Last July I started reading the whole Bible. I'm only in Job so far, but I recently read something about Creation that seems to be an-other one of the Biblical parallels in the founding of Narnia that I wrote about last year. God asks Job where he (Job) was when the earth was created:
"Where were you when I laid the foundation of the earth? Tell me, if you have understanding. Who determined its measurements - surely you know! Or who stretched the line upon it? On what were its bases sunk, or who laid its cornerstone, when the morning stars sang together and all the sons of God shouted for joy?" (Job 38:4-7)Because I'd just read The Magician's Nephew, "the morning stars [singing] together" sounded really familiar. In Chapter Eight, the whole company of characters are standing in darkness when they start to hear singing.

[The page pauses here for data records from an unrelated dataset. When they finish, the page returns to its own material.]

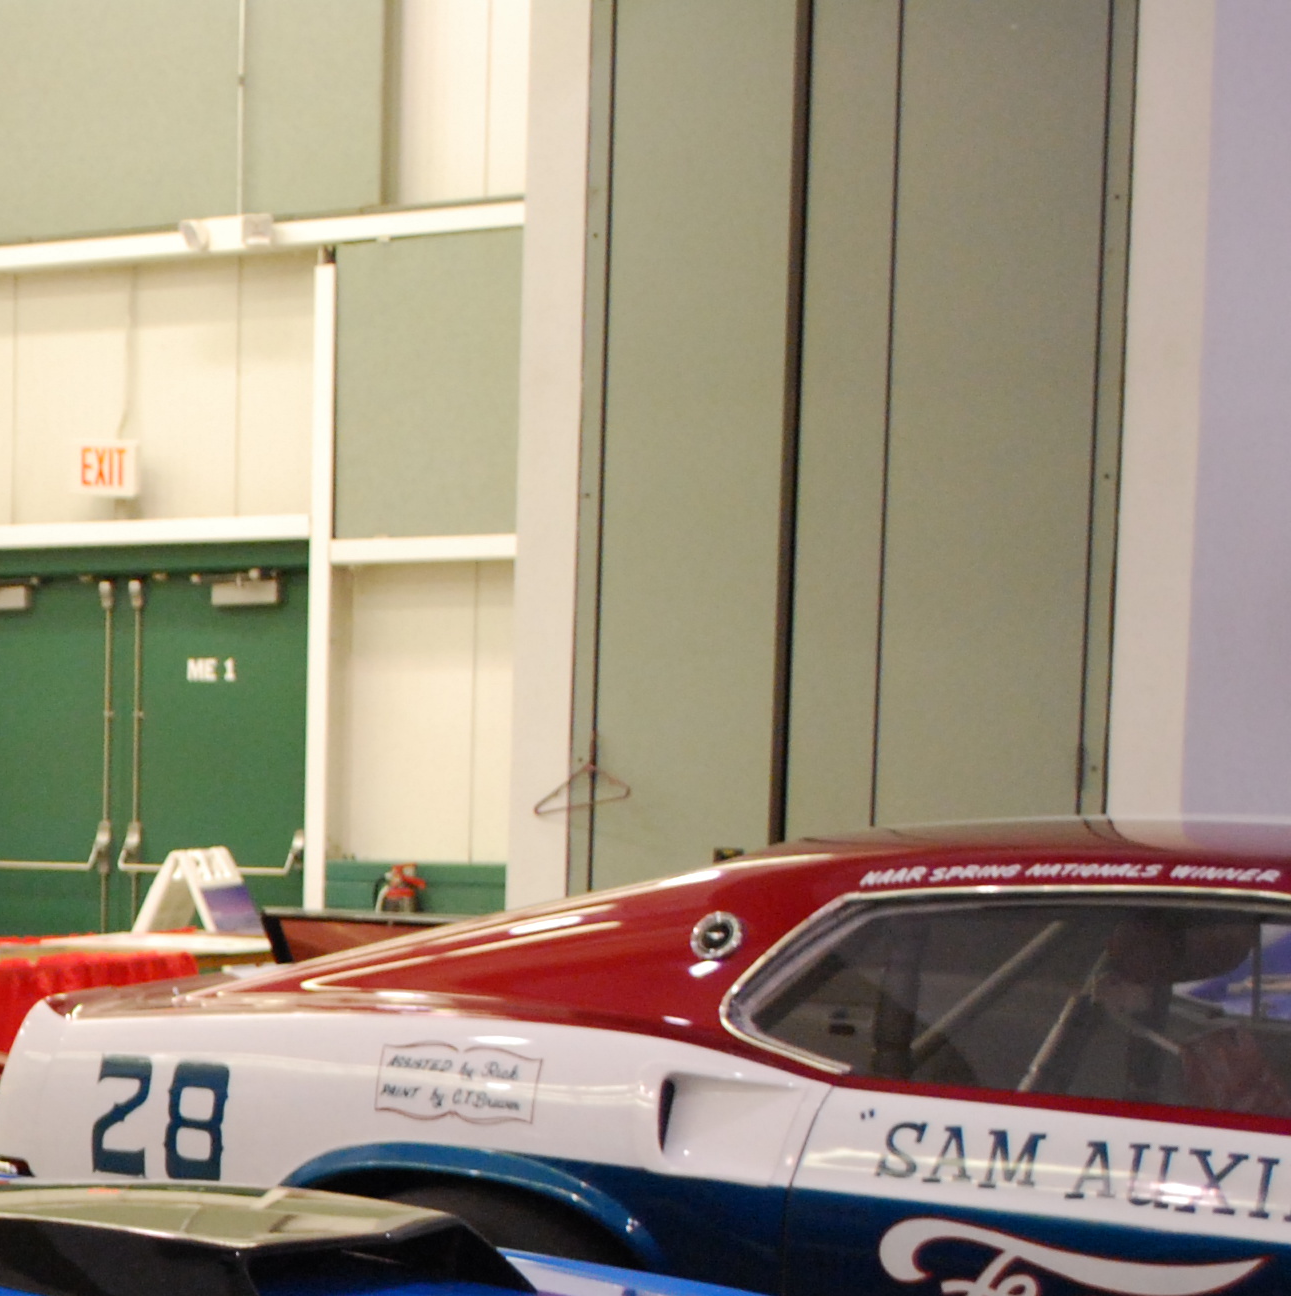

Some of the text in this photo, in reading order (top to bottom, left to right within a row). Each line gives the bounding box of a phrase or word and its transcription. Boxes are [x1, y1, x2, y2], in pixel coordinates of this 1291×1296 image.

[81, 447, 126, 487] EXIT
[186, 657, 236, 682] ME 1
[929, 863, 1022, 882] SPRING
[1025, 863, 1163, 879] NATIONALS
[1169, 864, 1281, 883] WINNER
[380, 1083, 422, 1098] PAINT
[91, 1054, 230, 1180] 28
[1064, 1141, 1291, 1222] AUXI

Then two wonders happened at the same moment. One was that the voice was suddenly joined by the other voices; more voices than you could possibly count. They were in harmony with it, but far higher up the scale: cold, tingling, silvery voices. The second wonder was that the blackness overhead, all at once, was blazing with stars. ... The new stars and the new voices began at exactly the same time. If you had seen and heard it, as Digory did, you would have felt quite certain that it was the stars themselves which were singing, and that it was the First Voice, the deep one, which had made them appear and made them sing.I'm not sure if the stars' singing is meant to be a reference to that passage in Job, but since the founding of Narnia has connections to the Creation account in Genesis and since that Job passage also deals with Creation, I think there's something to it.